It’s Not ADHD

It’s Sleep Apnea in Disguise


Generally, the symptoms of obstructive sleep apnea (OSA) are different in adults than they are in children1. Some of the symptoms include behavioral changes; adults with inadequate exhibit characteristics of sleepiness2, whereas children reflect hyperactivity3.One type of attention-deficit hyperactive disorder (ADHD)4 also involves an ongoing pattern of hyperactivity. Though both disorders share behavioral symptomology, there is a clear distinction between the two: OSA is a physiological disorder5, whereas ADHD is a neurobiological disorder6. Unfortunately this differentiation is not always made, and many children are following an ADHD treatment pathway, instead of a sleep-breathing disorder treatment pathway. If the child has OSA, but is treated for ADHD, then they will not only experience the ill effects of misdiagnoses—often involving prescription medication, but the OSA worsens because the underlying cause is left unaddressed7

Why is obstructive sleep apnea a big deal?

Obstructive sleep apnea8 is a respiratory disease9 that involves repeated pauses in
breathing while sleeping. Airway restriction prevents airway clearance for appropriate
gas exchange thereby causing a deficit in oxygenation and carbon dioxide elimination.
The imbalance deoxygenates the tissues10, and sets the stage for a myriad of diseases to
co-evolve. Locations of sleep apnea airway obstruction may stem from overly relaxed
throat muscle (causing snoring), disproportionally large tonsils, and adenoids (making it
hard to swallow), a small airway/nasal passages (making it hard to breathe), or an
underdeveloped jaw (making it hard to close the mouth in a balanced fashion). Wisely,
the body interprets snoring and sudden gasps11 as a direct threat, and switches the
automatic nervous system (ANS) from a state of equilibrium (parasympathetic mode)
into a continual state of “fight-or-flight” (sympathetic mode) placing the body in a state
of chronic stress12, which may explain some of the unexpected behavioral changes such
as hyperactivity13. Knowing the indicators of OSA will help determine if your child
is suffering from a respiratory disease.

 

Indicators of Obstructive Sleep Apnea

  1.  Habitual snoring
  2. Long pauses in breathing while sleeping
  3. Night terrors, or sleep walking
  4. Bedwetting
  5. Hyperactivity, or inattention
  6. Mouth breathing (as opposed to nasal breathing)
  7. Obesity
  8. Restricted growth

What are the effects of untreated obstructive sleep apnea?

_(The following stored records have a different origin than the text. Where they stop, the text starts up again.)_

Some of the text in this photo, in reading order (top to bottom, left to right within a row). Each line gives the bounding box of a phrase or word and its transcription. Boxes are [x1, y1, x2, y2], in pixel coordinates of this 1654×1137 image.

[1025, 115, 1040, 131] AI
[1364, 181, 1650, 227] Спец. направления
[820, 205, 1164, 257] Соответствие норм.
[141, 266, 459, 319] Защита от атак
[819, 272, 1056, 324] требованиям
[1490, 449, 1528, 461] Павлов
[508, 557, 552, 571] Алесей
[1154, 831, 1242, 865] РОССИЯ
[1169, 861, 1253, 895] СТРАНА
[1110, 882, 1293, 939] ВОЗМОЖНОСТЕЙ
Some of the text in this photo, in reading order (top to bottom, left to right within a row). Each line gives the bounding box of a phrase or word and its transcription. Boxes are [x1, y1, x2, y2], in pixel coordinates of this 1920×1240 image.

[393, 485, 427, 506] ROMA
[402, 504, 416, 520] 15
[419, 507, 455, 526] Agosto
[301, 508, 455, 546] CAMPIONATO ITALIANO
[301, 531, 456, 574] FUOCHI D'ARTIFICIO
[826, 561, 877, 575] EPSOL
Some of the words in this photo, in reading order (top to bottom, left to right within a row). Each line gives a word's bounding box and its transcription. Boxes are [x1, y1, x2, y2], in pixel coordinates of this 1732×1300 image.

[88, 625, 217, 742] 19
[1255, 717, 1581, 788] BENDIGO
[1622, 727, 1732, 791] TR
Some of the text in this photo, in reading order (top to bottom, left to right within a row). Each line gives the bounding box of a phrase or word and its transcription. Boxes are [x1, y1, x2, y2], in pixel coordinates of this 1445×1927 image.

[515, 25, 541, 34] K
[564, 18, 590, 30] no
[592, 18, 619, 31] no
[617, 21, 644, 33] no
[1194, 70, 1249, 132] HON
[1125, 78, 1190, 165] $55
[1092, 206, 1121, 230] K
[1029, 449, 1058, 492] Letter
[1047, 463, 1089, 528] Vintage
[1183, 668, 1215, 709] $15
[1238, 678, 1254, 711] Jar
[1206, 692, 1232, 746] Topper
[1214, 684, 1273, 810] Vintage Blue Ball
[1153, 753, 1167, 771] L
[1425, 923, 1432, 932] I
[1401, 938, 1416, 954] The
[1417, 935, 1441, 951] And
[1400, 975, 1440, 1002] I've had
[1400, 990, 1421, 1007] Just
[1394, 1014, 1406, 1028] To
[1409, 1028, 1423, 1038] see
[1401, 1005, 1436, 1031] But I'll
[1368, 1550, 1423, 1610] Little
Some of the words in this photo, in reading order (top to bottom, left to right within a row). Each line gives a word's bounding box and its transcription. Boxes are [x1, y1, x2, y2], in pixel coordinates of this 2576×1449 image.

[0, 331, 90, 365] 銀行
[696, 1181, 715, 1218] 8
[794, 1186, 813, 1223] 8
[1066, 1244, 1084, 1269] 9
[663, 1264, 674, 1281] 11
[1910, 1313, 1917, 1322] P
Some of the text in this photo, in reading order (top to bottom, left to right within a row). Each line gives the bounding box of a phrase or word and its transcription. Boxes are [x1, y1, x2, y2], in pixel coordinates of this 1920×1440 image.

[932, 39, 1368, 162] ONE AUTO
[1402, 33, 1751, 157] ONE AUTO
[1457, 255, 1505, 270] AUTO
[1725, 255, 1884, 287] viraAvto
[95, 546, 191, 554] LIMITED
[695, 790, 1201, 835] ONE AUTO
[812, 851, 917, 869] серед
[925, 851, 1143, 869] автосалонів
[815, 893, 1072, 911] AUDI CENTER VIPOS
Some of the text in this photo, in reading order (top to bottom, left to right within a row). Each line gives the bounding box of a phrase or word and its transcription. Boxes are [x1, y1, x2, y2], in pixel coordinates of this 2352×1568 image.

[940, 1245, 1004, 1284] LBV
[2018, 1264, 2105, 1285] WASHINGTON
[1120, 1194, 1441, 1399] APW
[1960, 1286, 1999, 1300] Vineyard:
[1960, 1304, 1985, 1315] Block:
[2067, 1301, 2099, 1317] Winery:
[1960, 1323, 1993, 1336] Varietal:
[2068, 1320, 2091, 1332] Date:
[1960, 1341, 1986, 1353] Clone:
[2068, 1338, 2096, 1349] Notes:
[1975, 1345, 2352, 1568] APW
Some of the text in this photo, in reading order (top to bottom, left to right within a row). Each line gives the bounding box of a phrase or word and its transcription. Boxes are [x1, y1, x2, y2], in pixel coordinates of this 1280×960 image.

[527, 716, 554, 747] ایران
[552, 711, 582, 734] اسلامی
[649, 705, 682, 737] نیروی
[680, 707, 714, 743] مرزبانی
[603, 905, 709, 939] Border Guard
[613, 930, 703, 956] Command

Oxidative stress is unsustainable. Airway obstruction places great strain on the body as a
whole and may lead to comorbid metabolic syndromes14 (MS) such as cardiovascular
disease, and type II diabetes. The interaction between OSA and MS is a recipe for
disaster. Understanding that OSA impacts the brain, heart, skin, immune system, blood
vessels, lungs, eyes, etc. will increase the immediacy for seeking treatment. For example,
the part of the brain involved in learning, thwarts cognitive function15 and lowers
academic performance. In addition, sleep apnea can alter normal growth patterns and can
contribute to childhood obesity16, as fatigued children are likely to seek carbohydraterich,
high-calorie food. A clinical sleep evaluation17 is highly recommended.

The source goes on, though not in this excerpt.